A Box of ‘Black Magic’ to Study Earth from Space

Estimated reading time: 4 minutes

Black magic. 

That’s what radiofrequency engineers call the mysterious forces guiding communications over the air. These forces involve complex physics and are difficult enough to master on Earth. They only get more baffling when you’re beaming signals into space. 

Until now, the shape of choice for casting this “magic” has been the parabolic dish. The bigger the antenna dish, the better it is at “catching” or transmitting signals from far away. 

But CubeSats are changing that. These spacecraft are meant to be light, cheap and extremely small: most aren’t much bigger than a cereal box. Suddenly, antenna designers have to pack their “black magic” into a device where there’s no room for a dish -- let alone much else. 

“It’s like pulling a rabbit out of a hat,” said Nacer Chahat, a specialist in antenna design at NASA’s Jet Propulsion Laboratory, Pasadena, California. “Shrinking the size of the radar is a challenge for NASA. As space engineers, we usually have lots of volume, so building antennas packed into a small volume isn’t something we’re trained to do.” 

Challenge accepted. 

Chahat and his team have been pushing the limits of antenna designs, and recently worked with a CubeSat team on the antenna for Radar In a CubeSat (RainCube), a technology demonstration mission scheduled for launch in 2018. RainCube’s distinctive antenna looks a little like an umbrella stuffed into a jack-in-the-box; when open, its ribs extend out of a canister and splay out a golden mesh. 

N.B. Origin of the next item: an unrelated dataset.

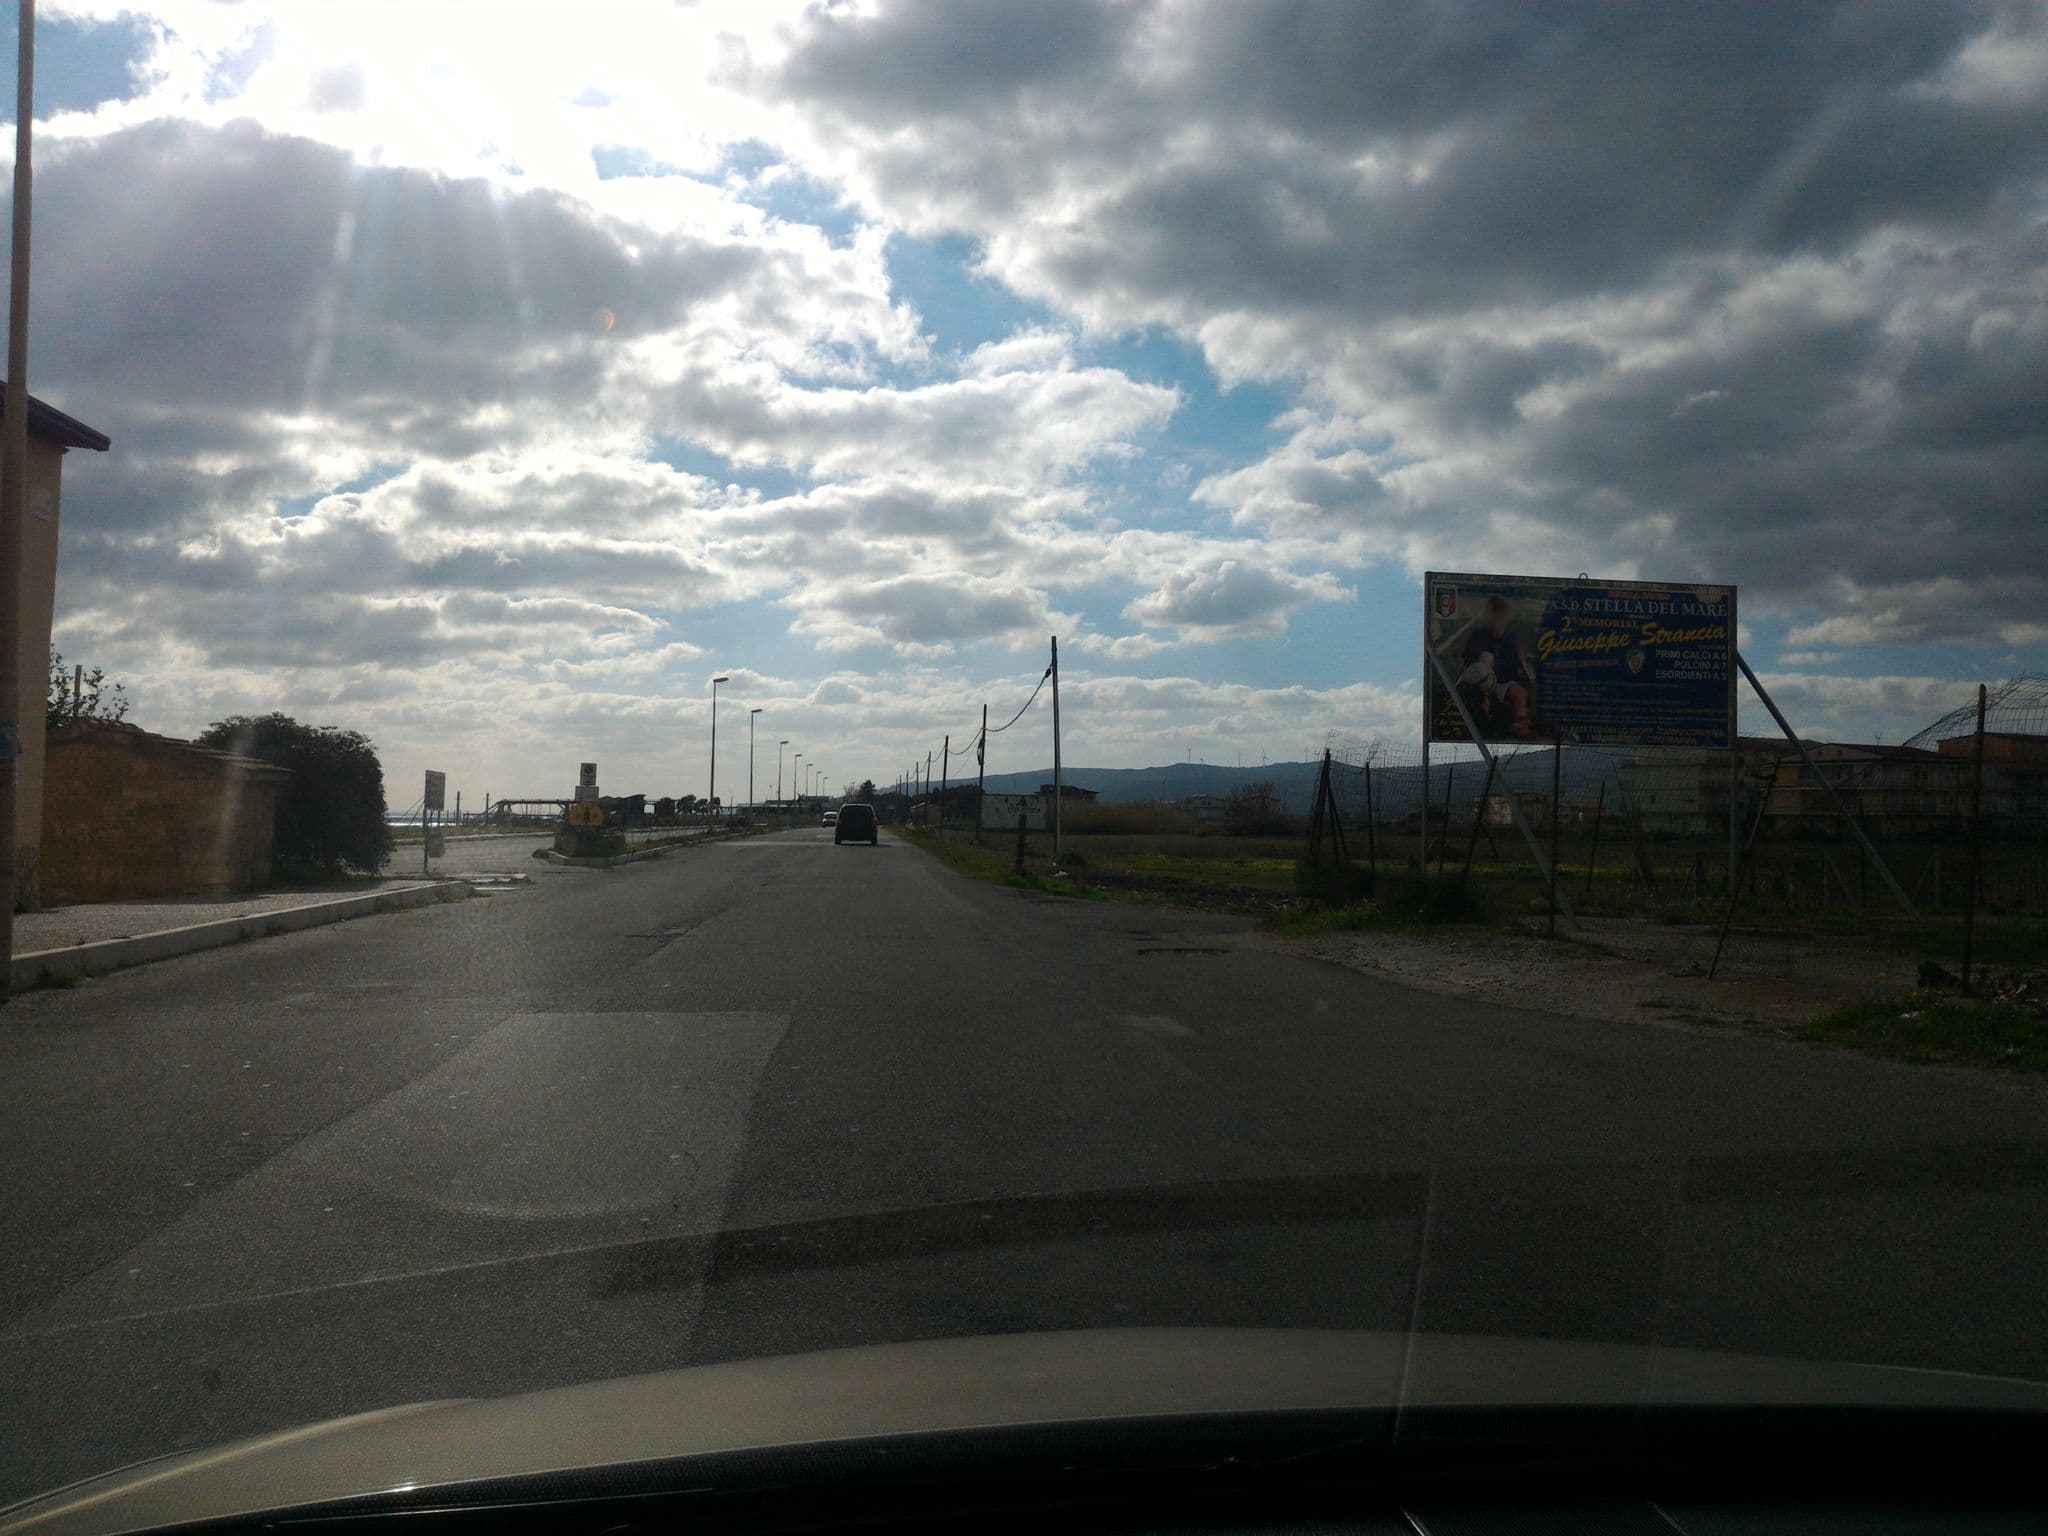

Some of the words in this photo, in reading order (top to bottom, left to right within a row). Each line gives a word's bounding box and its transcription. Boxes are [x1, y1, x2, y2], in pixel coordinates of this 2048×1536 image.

As its name suggests, RainCube will use radar to measure rain and snowfall. CubeSats are measured in increments of 1U (A CubeSat unit, or 1U, is roughly equivalent to a 4-inch cubic box, or 10x10x10 cubic centimeters). The RainCube antenna has to be small enough to be crammed into a 1.5U container. Think of it as an antenna in a can, with no spare room for anything else. 

“Large, deployable antennas that can be stowed in a small volume are a key technology for radar missions,” said JPL’s Eva Peral, principal investigator for RainCube. “They open a new realm of possibilities for science advancement and unique applications.” 

To maintain its relatively small size, the antenna relies on the high-frequency, Ka-band wavelength -- something that’s still rare for NASA CubeSats, but is ideally suited to RainCube. But Ka-band has other uses besides radar. It allows for an exponential increase in data transfer over long distances, making it the perfect tool for telecommunications. 

Ka-band allows for data rates about 16 times higher than X-band, the current standard on most NASA spacecraft. 

In that sense, the development of RainCube’s antenna can test the use of CubeSats more generally. While most have been limited to simple studies in near-Earth orbit, the right technology could allow them to be used as far away as Mars or beyond. That might open up CubeSats to a whole range of future missions. 

“To enable the next step in CubeSat evolution, you need this kind of technology,” said JPL’s Jonathan Sauder, mechanical engineer lead for the RainCube antenna. 

Chahat was brought on to the RainCube team after he worked on another innovative antenna design. The MarCO (Mars Cube One) mission consists of a pair of Cubesats that have been proposed to fly in 2018 with NASA’s InSight lander, which would measure the Red Planet’s tectonics for the first time. While InSight is touching down, the two MarCO CubeSats would relay information about the landing back to Earth. Just like RainCube, MarCO is primarily a technology demonstration; it would test how future missions could use CubeSats to carry communication relays with them, enabling researchers to know what’s happening on the ground much faster. 

The MarCO design looks nothing like a typical antenna. In place of a round dish are three flat panels dotted with reflective material. The shape and size of these dots form concentric rings that mimic the curve of a dish. Just as a dish might, this mosaic pattern of dots focuses the signal radiated from the antenna’s feed towards Earth. 

“New technologies like these allow NASA and JPL to do more with less,” said JPL’s John Baker, program manager for MarCO. “We want to make it possible to explore anywhere we want in the solar system.” 

Both RainCube and MarCO highlight creative workarounds to the size limits of CubeSats. The next trick for Chahat and his colleagues will be combining those designs into an even bigger antenna: a reflectarray ranging 3.3 feet by 3.3 feet (1 meter by 1 meter) and made up of 15 flat panels. These segmented panels would unfold like the flat surface of MarCo’s, while the antenna’s feed would telescope out like RainCube’s antenna. This antenna would be called OMERA, short for the One Meter Reflectarray. 

“If we can extend the technology to one meter in size, the OMERA antenna will push the limits of what can be practically flown today on a CubeSat,” said Tom Cwik, manager of space technology at JPL. 

A prototype of the OMERA CubeSat is expected to be ready by March of 2017. 

“OMERA’s larger array will produce higher gain for telecommunications applications, or will produce narrower beam widths for Earth science needs,” Chahat said. That means we would be able to venture even farther into deep space and will have even more powerful and accurate radars.”